Temporal Cross-Validation: The Critical Foundation
Financial time series have a property that makes standard cross-validation dangerous: temporal ordering matters. Training on future data to predict the past would produce wildly optimistic validation scores that don’t reflect real-world performance.
Expanding Window CV
We use expanding window cross-validation with 5 folds:
Data timeline: [============================================]
2006 Feb 2024
Fold 1: Train [====] | Val [==]
Fold 2: Train [======] | Val [==]
Fold 3: Train [=========] | Val [==]
Fold 4: Train [============] | Val [==]
Fold 5: Train [==============]| Val [==]
| Test [======] → Feb 2026
Each fold’s training set grows by one block—simulating a model that retrains on all available history. Validation always falls after training chronologically. The test set (last 2 years) is never touched during this entire stage.
Why Not Standard K-Fold?
Standard K-fold randomly shuffles data before splitting. For a time series, this means:
- Training on June 2020 data while evaluating on March 2020 data
- The model sees future information during training
- Validation scores become unrealistically inflated
Expanding window CV avoids this by maintaining strict temporal order.
Baseline Models
Baselines serve as the minimum bar any ML model must clear. They also reveal the practical difficulty of the task—if a simple rule achieves near-ML performance, the marginal value of complex models is limited.
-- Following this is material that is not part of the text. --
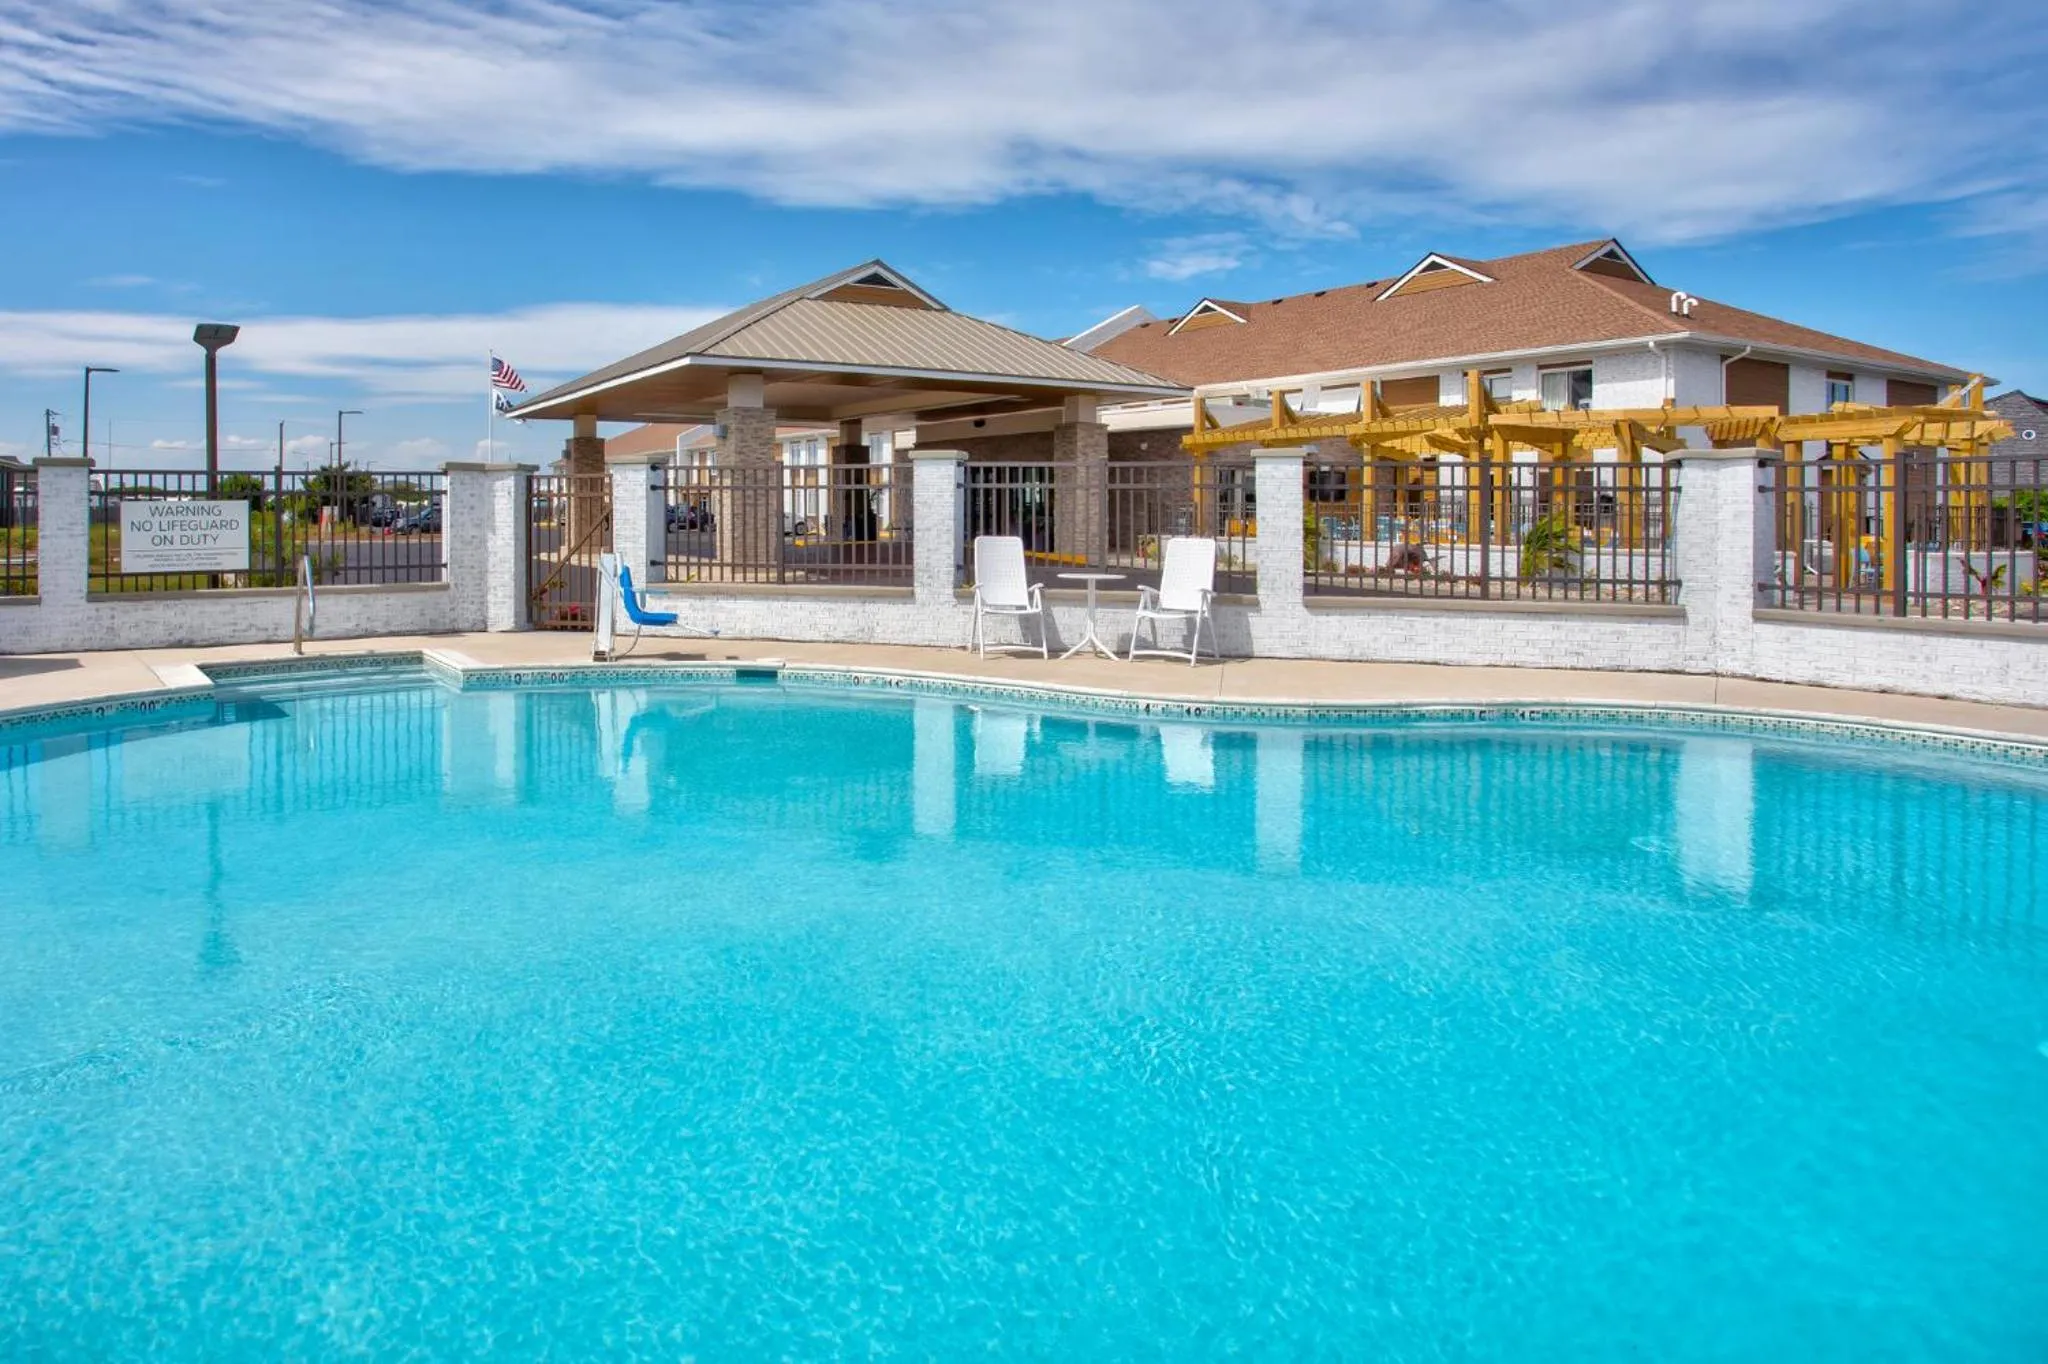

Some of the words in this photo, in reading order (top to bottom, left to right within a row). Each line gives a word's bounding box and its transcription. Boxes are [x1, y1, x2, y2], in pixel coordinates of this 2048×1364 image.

We evaluate two baselines on all 5 validation folds:
1. Majority-Class Classifier
Always predicts class 0 (flat/down day). Achieves ~86% accuracy but F1 = 0 because it never predicts a buy signal.
y_pred = np.zeros(len(y_val)) # always predict 0
This demonstrates the accuracy paradox: a high-accuracy model can be worthless. It also establishes why we use F1 as the optimisation metric.
2. MACD Momentum Rule
Predicts 1 (buy) when the MACD histogram is positive (short-term momentum bullish):
y_pred = (X_val["MACD_hist"] > 0).astype(int)
This is a classic momentum strategy. It achieves moderate recall (~0.39) but poor precision (~0.12)—it doesn’t discriminate well between genuine ≥1% days and ordinary positive-momentum days.
Baseline Results

Two baselines across validation folds: (1) majority-class — ~86% accuracy, F1=0, useless as a buy signal; (2) MACD momentum rule — moderate recall but low precision (~0.12), F1≈0.18. These set the minimum bar that ML models must clear to be considered useful.
| Baseline | Avg Precision | Avg Recall | Avg F1 |
|---|---|---|---|
| Majority Class | 0.000 | 0.000 | 0.000 |
| MACD Momentum | ~0.12 | ~0.39 | ~0.18 |
Any ML model that can’t beat F1 ≈ 0.18 with better precision is not adding meaningful value over a simple rule.
ML Models
Three models are trained with class_weight="balanced" (Logistic Regression, Random Forest) or scale_pos_weight (XGBoost) to handle the 6.1:1 class imbalance:
Logistic Regression
A linear classifier with L2 regularisation. Simple, fast, and interpretable—the coefficients directly show which features push the probability toward class 1.
Tuned parameter:
C(inverse regularisation strength): grid[0.01, 0.1, 1, 10, 100]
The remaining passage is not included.